Deaths from breast cancer could be eradicated by the middle of the century relegating the disease to that of a chronic illness, according to one of the country’s leading cancer charity campaigners.
“We believe that if we act now, by 2050 anyone who develops breast cancer will live, even if it spreads to another part of the body. We would manage it like a chronic illness,” said Baroness Delyth Morgan, chief executive of Breast Cancer Now.
But she warned that this would only be achieved with greater investment in research and treatments.
“If we are really serious about creating the best future for cancer patients then we need to be clear – we do need to invest more,” she told the Annual Cancerkin Lecture at the Royal Free Hospital in London earlier this month.
She acknowledged that great progress had been made over the last 20 years in early detection and diagnosis, targeted treatments and knowledge of risk factors.
The introduction of new drugs like herceptin had “revolutionised treatment”, while advances in surgical practices and radiotherapy had transformed patient care.
This had led to a reduction of annual mortality rates over the same period – from 15,000 to 11, 500.
“But much more needs to be done,” she said, pointing out that UK survival rates were lower than the European average.
“Despite progress breast cancer is not the ‘done deal’. We still see 11,500 dying every year, that’s 11,500 mothers, sisters, daughters.”
There was a “patchy quality” in the UK in terms of waiting times and standards of care: “Who you are and where you live really influences the access and quality of care.

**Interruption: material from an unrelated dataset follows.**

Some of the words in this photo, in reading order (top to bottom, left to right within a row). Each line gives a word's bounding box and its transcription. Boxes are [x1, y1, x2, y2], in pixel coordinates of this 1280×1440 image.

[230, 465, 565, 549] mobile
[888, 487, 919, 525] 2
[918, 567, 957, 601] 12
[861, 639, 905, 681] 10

We need to work on this.”
Baroness Morgan, a crossbench peer, added: “We have some of the best clinicians and scientists in the world but we have real barriers that are preventing them from getting access to the best tools to do the job properly.”

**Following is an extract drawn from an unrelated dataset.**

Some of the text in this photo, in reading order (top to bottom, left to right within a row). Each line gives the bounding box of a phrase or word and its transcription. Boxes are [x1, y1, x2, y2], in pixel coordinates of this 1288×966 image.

She was also concerned about the “increasing gap” developing between the advances made in the research setting and the ability to translate these to the patient.
And referring to the National Institute of Health and Care Excellence, the government body that approves the use of medications, she revealed that in its last 10 appraisals of breast cancer drugs it had delivered “10 no’s”.
“We have got to change the system.”
The good news was that there has been “a shift in the mood music” about public spending: “The Office of Budget Responsibility recently reported from their point of view we can afford to spend a lot more of our GDP on health.”
Health secretary Jeremy Hunt had also made it “very clear that he wants cancer care to be the best in Europe”.
In the meantime, her own charity is leading the way in research to build on what has already been achieved.
“I believe that the progress we make over the next 20 years will be as mind blowing as hand-held computers are now,” she concluded.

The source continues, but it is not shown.